Celso Blues Boy (Revista Roll - 1983)


 Celso Blues Boy foi um nome muito importante na cena do rock brasileiro que surgiu nos anos 80. Por trazer um trabalho diferenciado da maioria dos artistas e bandas  que surgiram no período, já que seguia uma linha de rock com influência direta do blues, daí seu nome artístico, Celso ganhou uma matéria no na edição de estreia da revista Roll, em 1983. A introdução da matéria diz: "Era um garoto que muito cedo amou Ray Charles e os Beatles cantando 'My Bone is over the ocean...'. O pai lhe ensinou um ou dois acordes no violão e depois, aos nove anos de idade o menino já exigia: 'uma guitarra elétrica ou a morte'. Como o pai não queria um filho morto, como é de se esperar da maioria dos pais existentes no mundo, não lhe restou outra opção a não ser atender o desejo do filho. A partir daí entre as oitavadas de Roy Buchanan, Eric Clapton e B.B. King (o Blues Boy que lhe inspirou o nome artístico), os dedos do menino Celso começaram a criar notas e até hoje não pararam."  Pelo fato de na época Blues Boy ainda ser inédito em disco, acredito ser essa uma das primeiras matérias escritas sobre ele.

"Desde a adolescência, quando a inevitável auto-afirmação o fazia ousar solos super-rápidos e violentos até hoje, mais seguro da qualidade de seu trabalho, são mais de 1.500 músicas, umas perdidas e jamais encontradas, outras em casas de amigos, muitas jogadas fora e algumas guardadas em seu poder.

Um processo de  criação que nunca foi interrompido ao longo dos dez anos de carreira como músico de bandas como a de Raul Seixas, Luiz Melodia, Sá & Guarabyra e, destacando, Renato e Seus Blue Caps, em que, segundo Celso Blues Boy, 'todo mundo adorava na época, e por isso era a maior chinfra tocar com eles'.

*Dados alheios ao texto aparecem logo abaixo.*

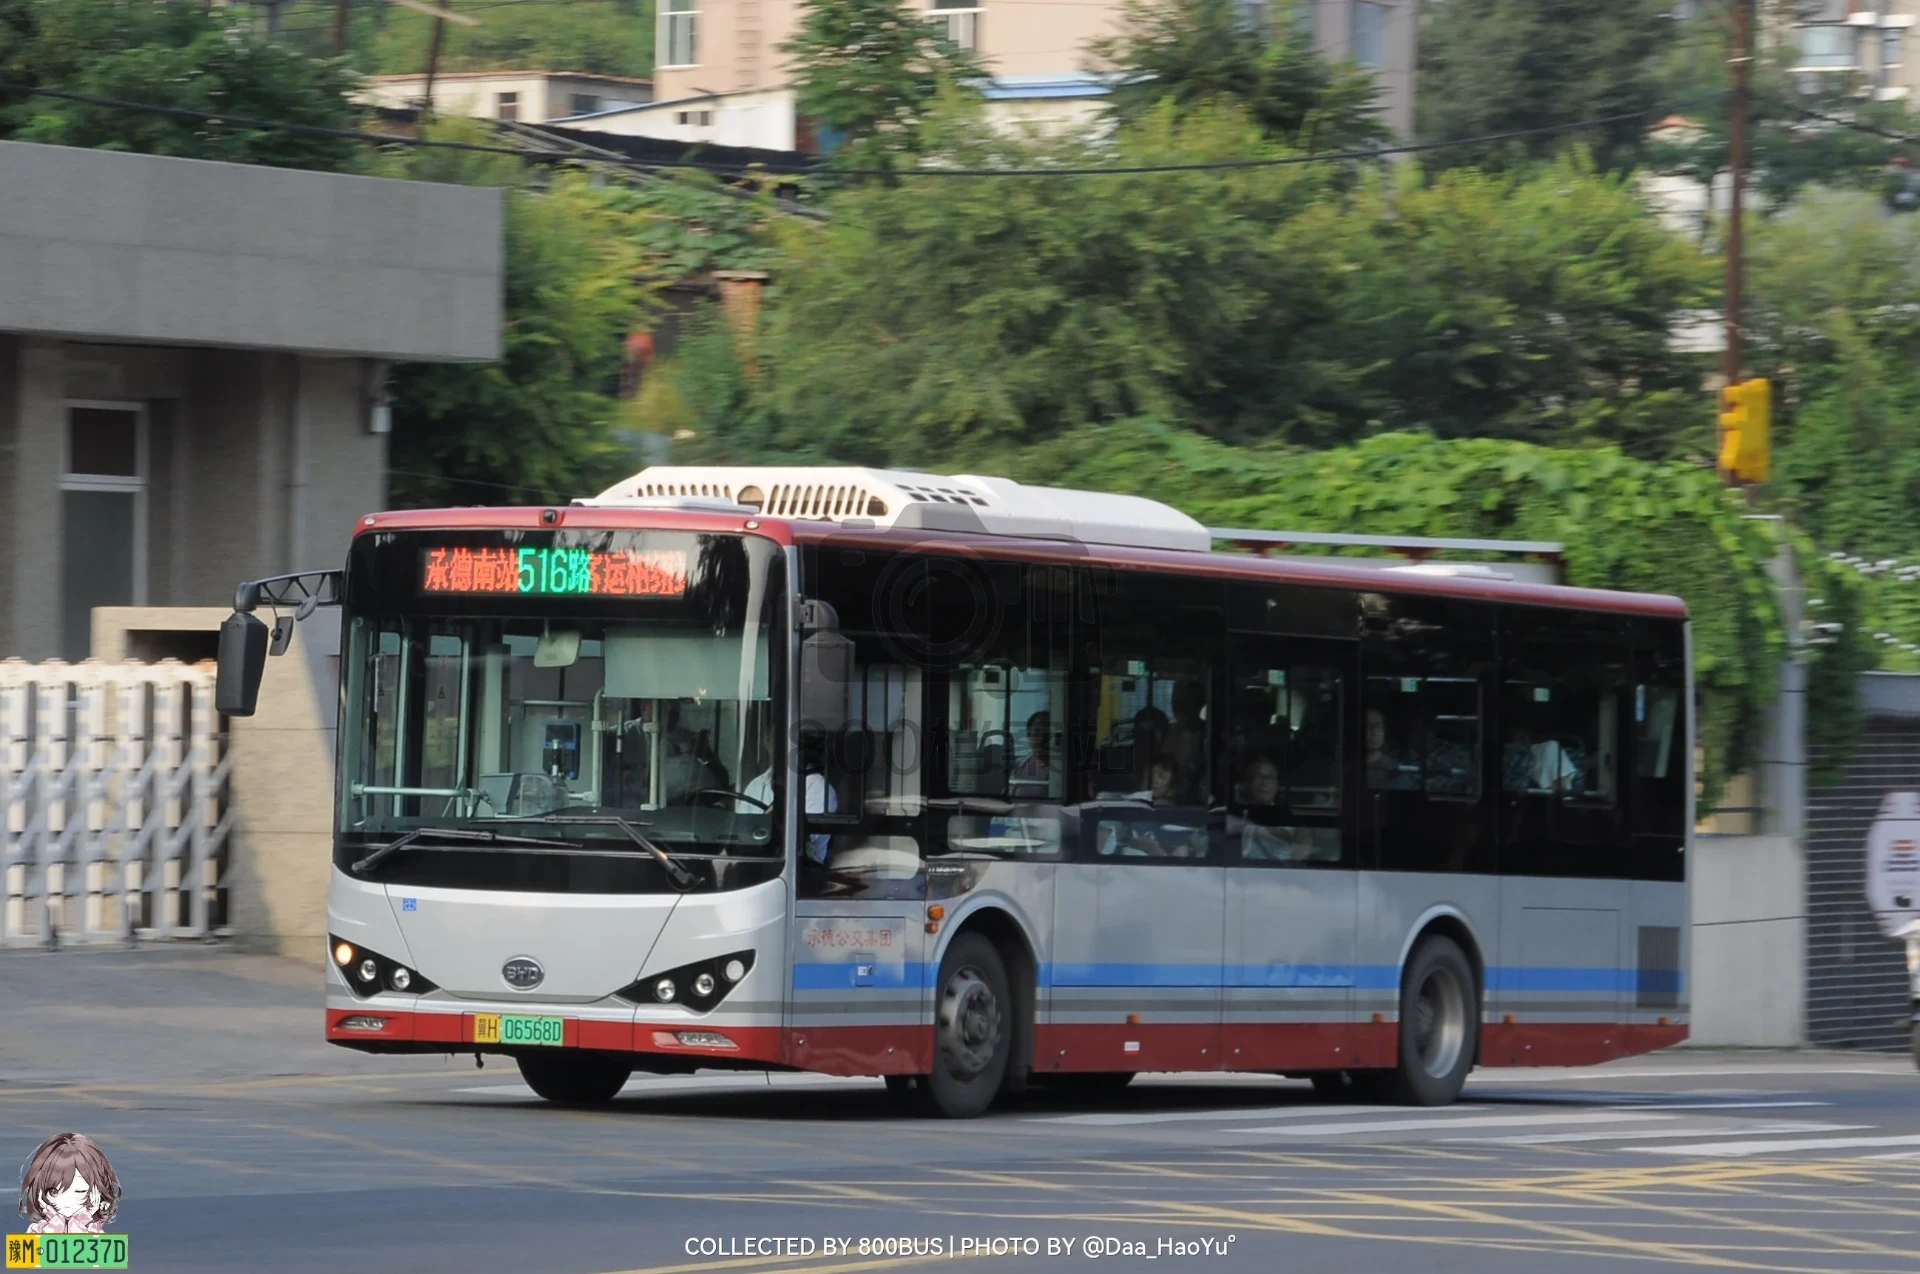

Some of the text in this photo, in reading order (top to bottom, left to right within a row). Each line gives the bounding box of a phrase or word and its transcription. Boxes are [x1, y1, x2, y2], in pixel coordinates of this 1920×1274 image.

Aliás, Blues Boy não parou de compor nem mesmo quando, em 1981, saturado de tocar em bandas dos outros, decidiu largar tudo e desistiu de ser músico. Mas foi uma decisão que não poderia ser levada por muito tempo, a não ser que Blues Boy estivesse com vontade de morrer; 'eu passei um ano trancado em um apartamento de Santa Tereza, vivendo da renda de um livro que havia escrito e que minha irmã levara pro Ziraldo'. Mesmo assim, durante esse ano, ele compôs. Blues, é claro, baladas, rockzinhos tipo anos 50, heavy metal, tudo, tudo que sempre soube fazer.

Com o amigo Cazuza

Até que, em 1982 o Lorival, que hoje é seu empresário, disse que havia uma rádio no Rio tocando blues. Blues (é assim que os amigos o chamam) não acreditou, mas daí até levarem uma fita para a Fluminense não se passaram muitos dias.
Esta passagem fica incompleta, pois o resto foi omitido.